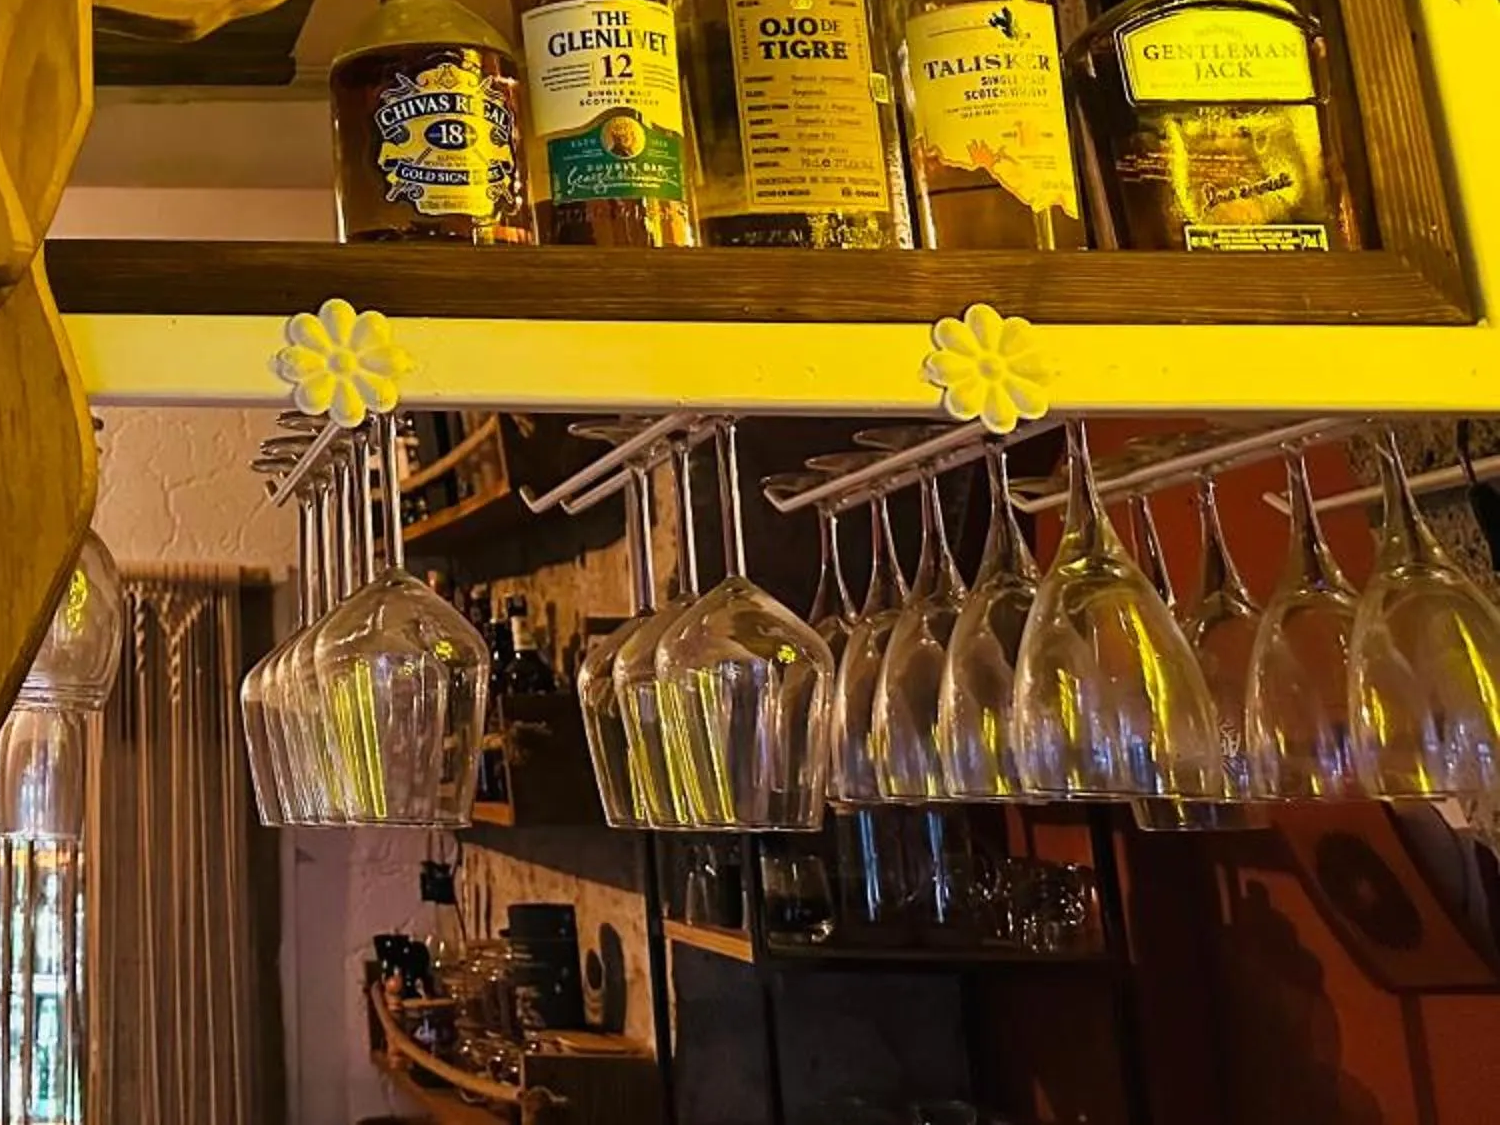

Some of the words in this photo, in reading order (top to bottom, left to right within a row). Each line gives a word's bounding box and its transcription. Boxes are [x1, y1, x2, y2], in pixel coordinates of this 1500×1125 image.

[593, 10, 632, 26] THE
[759, 17, 819, 37] OJO
[548, 29, 668, 57] GLENLIVET
[758, 40, 850, 61] TIGRE
[1143, 43, 1299, 61] GENTLEMAN
[601, 54, 634, 79] 12
[1196, 61, 1254, 82] JACK
[380, 94, 450, 127] CHIVAS
[438, 124, 463, 145] 18
[401, 167, 436, 179] GOLD
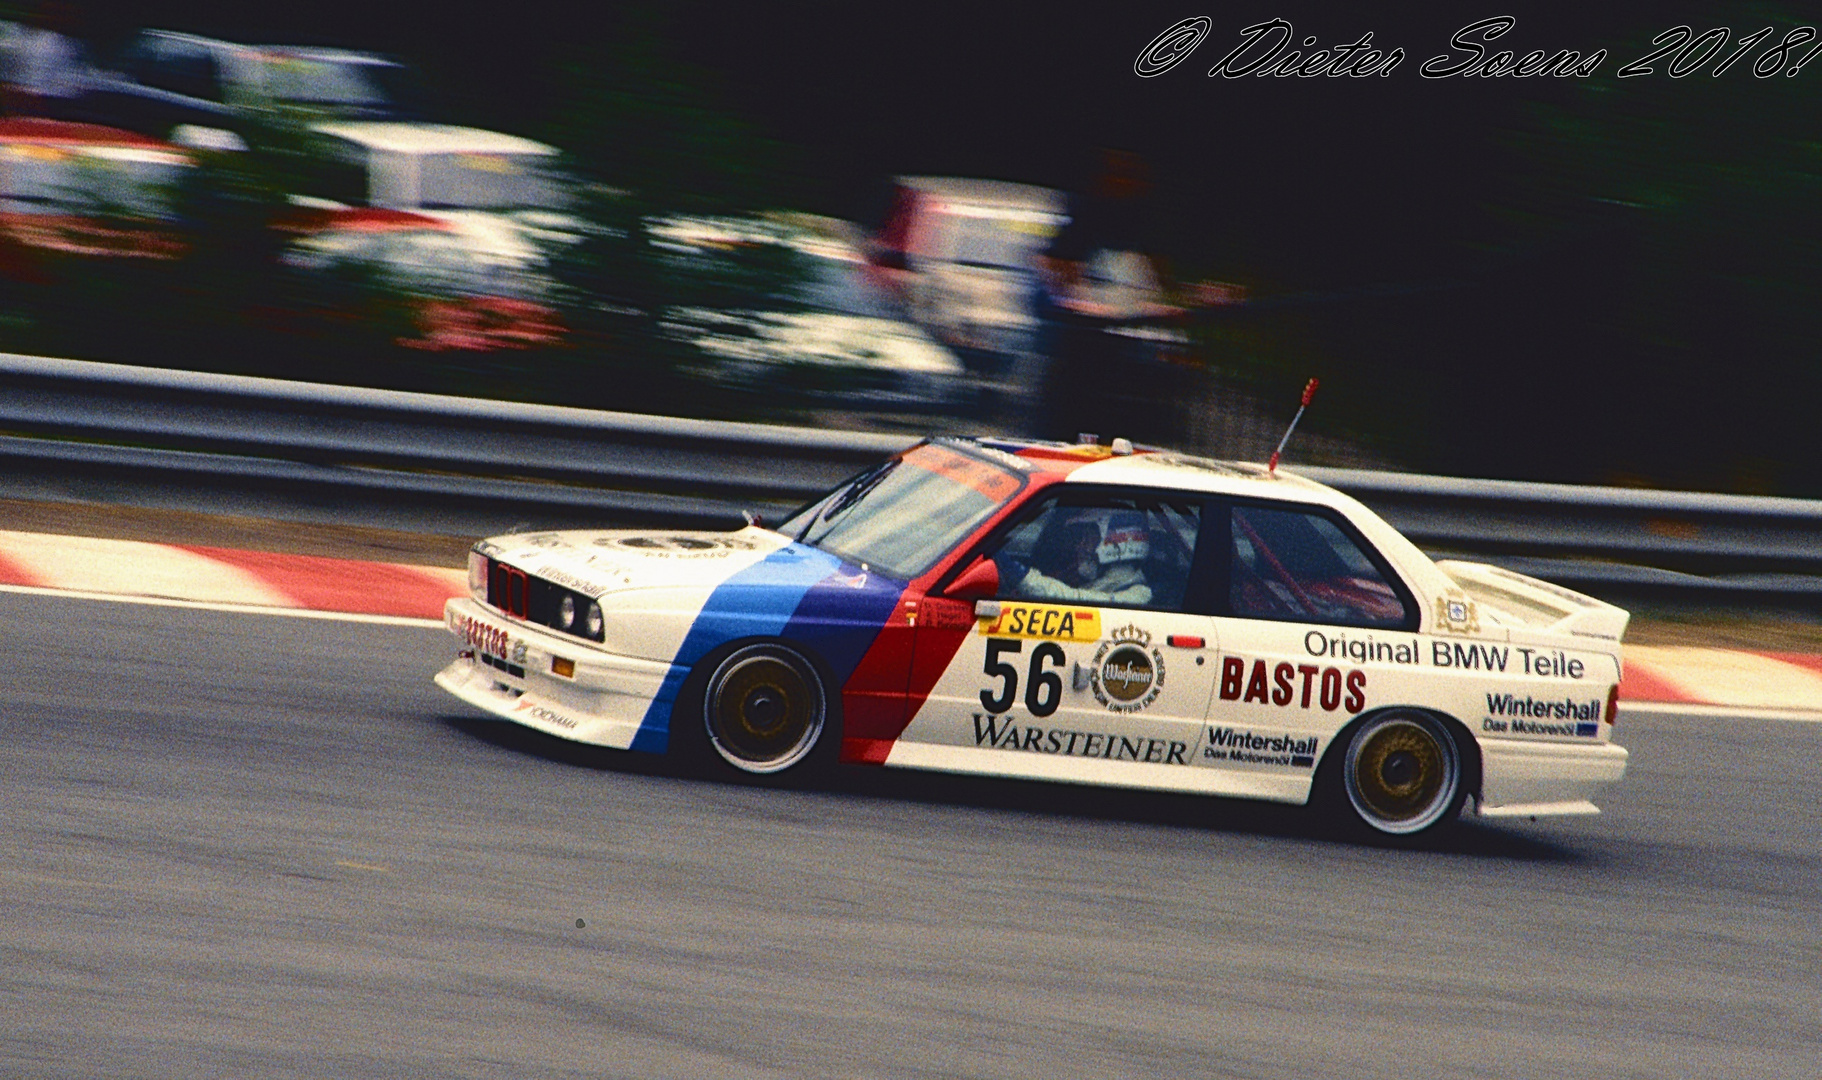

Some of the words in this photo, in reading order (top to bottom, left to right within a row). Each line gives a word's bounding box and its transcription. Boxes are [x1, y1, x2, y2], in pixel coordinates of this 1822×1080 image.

[1009, 607, 1074, 637] SECA
[1304, 630, 1419, 664] Original
[1432, 640, 1508, 672] BMW
[1516, 647, 1585, 679] Teile
[980, 637, 1066, 717] 56
[1219, 656, 1366, 714] BASTOS
[1485, 693, 1600, 722] Wintershall
[972, 713, 1188, 765] WARSTEINER
[1483, 718, 1508, 732] Das
[1204, 746, 1227, 759] Das
[1208, 726, 1317, 755] Wintershall
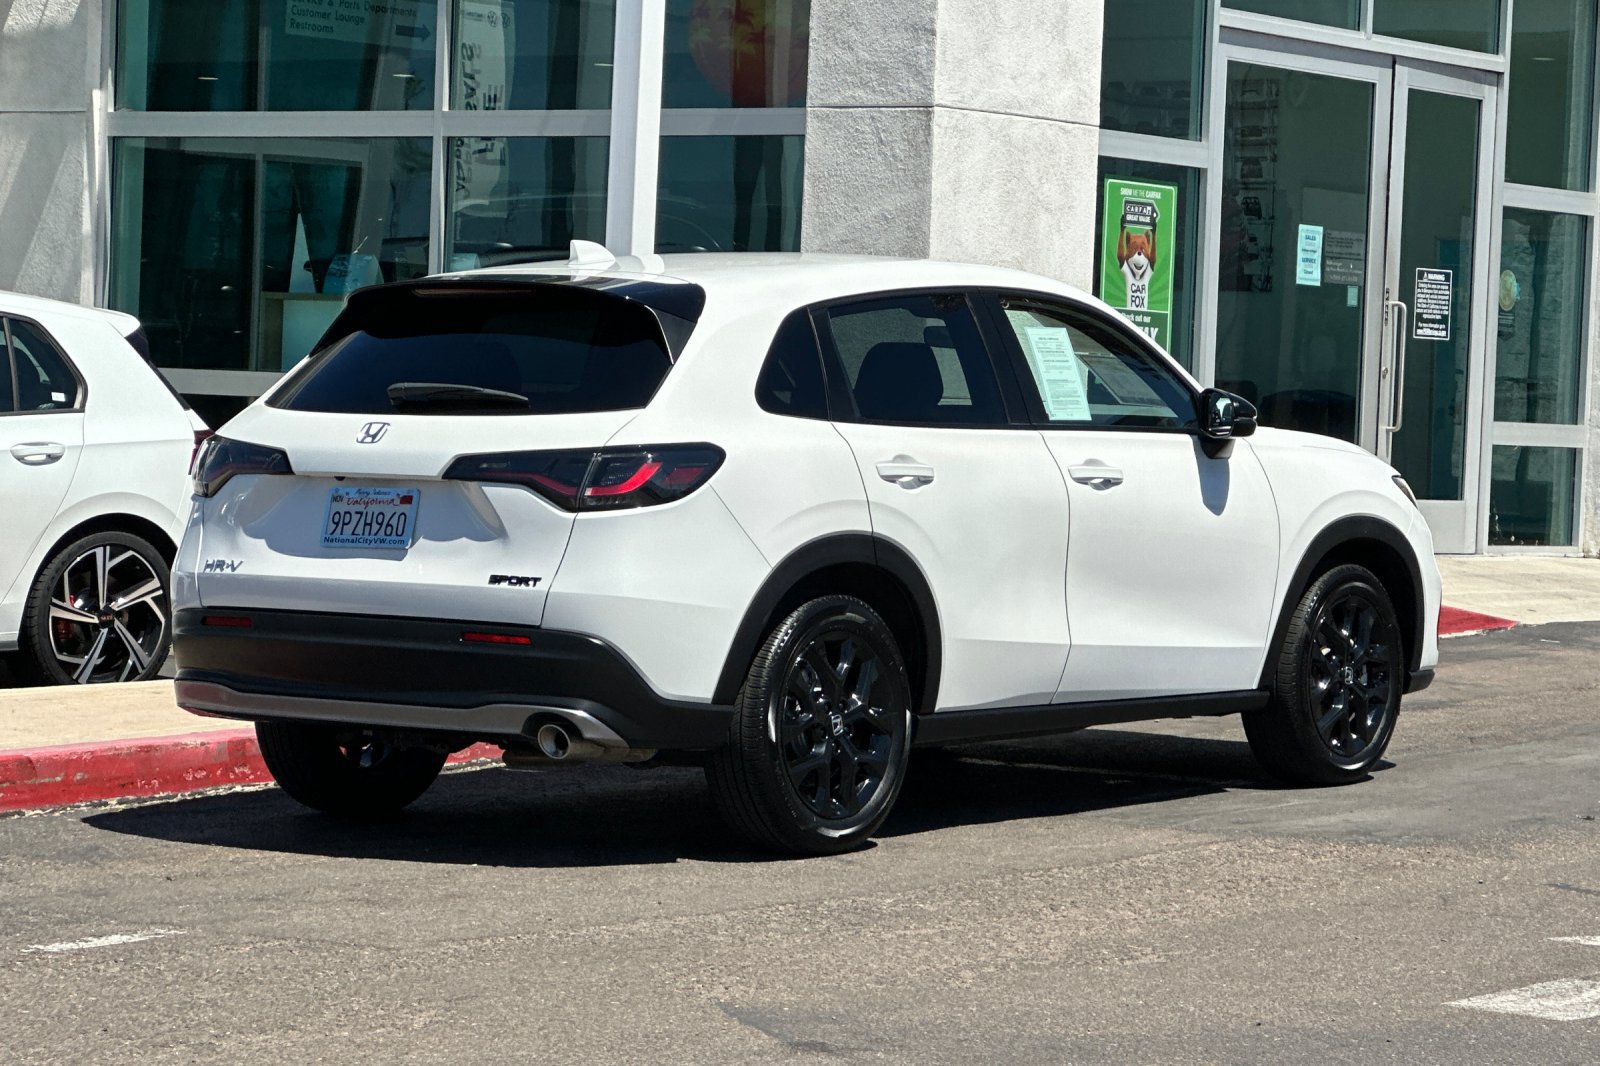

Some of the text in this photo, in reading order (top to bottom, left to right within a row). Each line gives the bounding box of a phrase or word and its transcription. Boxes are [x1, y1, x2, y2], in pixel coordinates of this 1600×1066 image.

#### [TASK TO COMPLETE]
Every entry above needs to be printed again exactly, with its pictures left out.

#### [SOLUTION TO THE PROBLEM]
Some of the words in this photo, in reading order (top to bottom, left to right within a row). Each line gives a word's bounding box and its transcription. Boxes are [x1, y1, x2, y2], in pixel coordinates of this 1500×1125 image.

[593, 10, 632, 26] THE
[759, 17, 819, 37] OJO
[548, 29, 668, 57] GLENLIVET
[758, 40, 850, 61] TIGRE
[1143, 43, 1299, 61] GENTLEMAN
[601, 54, 634, 79] 12
[1196, 61, 1254, 82] JACK
[380, 94, 450, 127] CHIVAS
[438, 124, 463, 145] 18
[401, 167, 436, 179] GOLD

Some of the words in this photo, in reading order (top to bottom, left to right within a row). Each line gives a word's bounding box and its transcription. Boxes are [x1, y1, x2, y2], in pixel coordinates of this 1822×1080 image.

[1009, 607, 1074, 637] SECA
[1304, 630, 1419, 664] Original
[1432, 640, 1508, 672] BMW
[1516, 647, 1585, 679] Teile
[980, 637, 1066, 717] 56
[1219, 656, 1366, 714] BASTOS
[1485, 693, 1600, 722] Wintershall
[972, 713, 1188, 765] WARSTEINER
[1483, 718, 1508, 732] Das
[1204, 746, 1227, 759] Das
[1208, 726, 1317, 755] Wintershall

Some of the text in this photo, in reading order (top to bottom, left to right within a row). Each line gives the bounding box of a phrase or word and its transcription. Boxes are [x1, y1, x2, y2], in pixel coordinates of this 1600×1066 image.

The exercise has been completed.